[Stored data entries]
* * * * *

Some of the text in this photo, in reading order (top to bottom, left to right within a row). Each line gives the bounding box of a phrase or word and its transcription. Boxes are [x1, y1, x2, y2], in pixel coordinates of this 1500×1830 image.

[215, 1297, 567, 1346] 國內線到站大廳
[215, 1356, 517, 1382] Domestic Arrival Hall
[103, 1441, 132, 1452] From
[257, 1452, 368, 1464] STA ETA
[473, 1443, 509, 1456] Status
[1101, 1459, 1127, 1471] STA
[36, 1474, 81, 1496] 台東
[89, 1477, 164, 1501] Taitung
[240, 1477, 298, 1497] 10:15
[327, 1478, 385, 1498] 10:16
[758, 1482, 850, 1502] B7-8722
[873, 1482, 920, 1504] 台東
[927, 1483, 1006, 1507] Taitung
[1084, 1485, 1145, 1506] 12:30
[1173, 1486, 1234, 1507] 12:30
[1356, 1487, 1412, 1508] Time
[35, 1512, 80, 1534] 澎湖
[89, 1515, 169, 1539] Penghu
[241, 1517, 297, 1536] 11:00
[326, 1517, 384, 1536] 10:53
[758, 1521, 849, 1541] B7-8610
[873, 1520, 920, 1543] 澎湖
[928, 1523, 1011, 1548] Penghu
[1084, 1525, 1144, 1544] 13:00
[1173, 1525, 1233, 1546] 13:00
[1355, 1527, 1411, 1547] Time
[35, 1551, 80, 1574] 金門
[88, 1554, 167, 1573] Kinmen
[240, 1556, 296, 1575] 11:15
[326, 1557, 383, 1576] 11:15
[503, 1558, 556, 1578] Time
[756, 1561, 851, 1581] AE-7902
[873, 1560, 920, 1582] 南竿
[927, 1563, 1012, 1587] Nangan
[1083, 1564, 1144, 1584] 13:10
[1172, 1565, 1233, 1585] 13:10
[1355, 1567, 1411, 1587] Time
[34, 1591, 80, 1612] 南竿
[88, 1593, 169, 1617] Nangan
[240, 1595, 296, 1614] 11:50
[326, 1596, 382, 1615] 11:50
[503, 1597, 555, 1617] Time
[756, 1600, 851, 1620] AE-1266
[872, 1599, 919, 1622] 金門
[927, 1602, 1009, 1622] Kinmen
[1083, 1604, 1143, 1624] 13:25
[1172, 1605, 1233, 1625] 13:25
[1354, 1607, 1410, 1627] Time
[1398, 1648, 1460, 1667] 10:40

* * * * *

To do: Each entry above must be printed exactly as written.

Answer to this problem:
Some of the text in this photo, in reading order (top to bottom, left to right within a row). Each line gives the bounding box of a phrase or word and its transcription. Boxes are [x1, y1, x2, y2], in pixel coordinates of this 1500×1830 image.

[215, 1297, 567, 1346] 國內線到站大廳
[215, 1356, 517, 1382] Domestic Arrival Hall
[103, 1441, 132, 1452] From
[257, 1452, 368, 1464] STA ETA
[473, 1443, 509, 1456] Status
[1101, 1459, 1127, 1471] STA
[36, 1474, 81, 1496] 台東
[89, 1477, 164, 1501] Taitung
[240, 1477, 298, 1497] 10:15
[327, 1478, 385, 1498] 10:16
[758, 1482, 850, 1502] B7-8722
[873, 1482, 920, 1504] 台東
[927, 1483, 1006, 1507] Taitung
[1084, 1485, 1145, 1506] 12:30
[1173, 1486, 1234, 1507] 12:30
[1356, 1487, 1412, 1508] Time
[35, 1512, 80, 1534] 澎湖
[89, 1515, 169, 1539] Penghu
[241, 1517, 297, 1536] 11:00
[326, 1517, 384, 1536] 10:53
[758, 1521, 849, 1541] B7-8610
[873, 1520, 920, 1543] 澎湖
[928, 1523, 1011, 1548] Penghu
[1084, 1525, 1144, 1544] 13:00
[1173, 1525, 1233, 1546] 13:00
[1355, 1527, 1411, 1547] Time
[35, 1551, 80, 1574] 金門
[88, 1554, 167, 1573] Kinmen
[240, 1556, 296, 1575] 11:15
[326, 1557, 383, 1576] 11:15
[503, 1558, 556, 1578] Time
[756, 1561, 851, 1581] AE-7902
[873, 1560, 920, 1582] 南竿
[927, 1563, 1012, 1587] Nangan
[1083, 1564, 1144, 1584] 13:10
[1172, 1565, 1233, 1585] 13:10
[1355, 1567, 1411, 1587] Time
[34, 1591, 80, 1612] 南竿
[88, 1593, 169, 1617] Nangan
[240, 1595, 296, 1614] 11:50
[326, 1596, 382, 1615] 11:50
[503, 1597, 555, 1617] Time
[756, 1600, 851, 1620] AE-1266
[872, 1599, 919, 1622] 金門
[927, 1602, 1009, 1622] Kinmen
[1083, 1604, 1143, 1624] 13:25
[1172, 1605, 1233, 1625] 13:25
[1354, 1607, 1410, 1627] Time
[1398, 1648, 1460, 1667] 10:40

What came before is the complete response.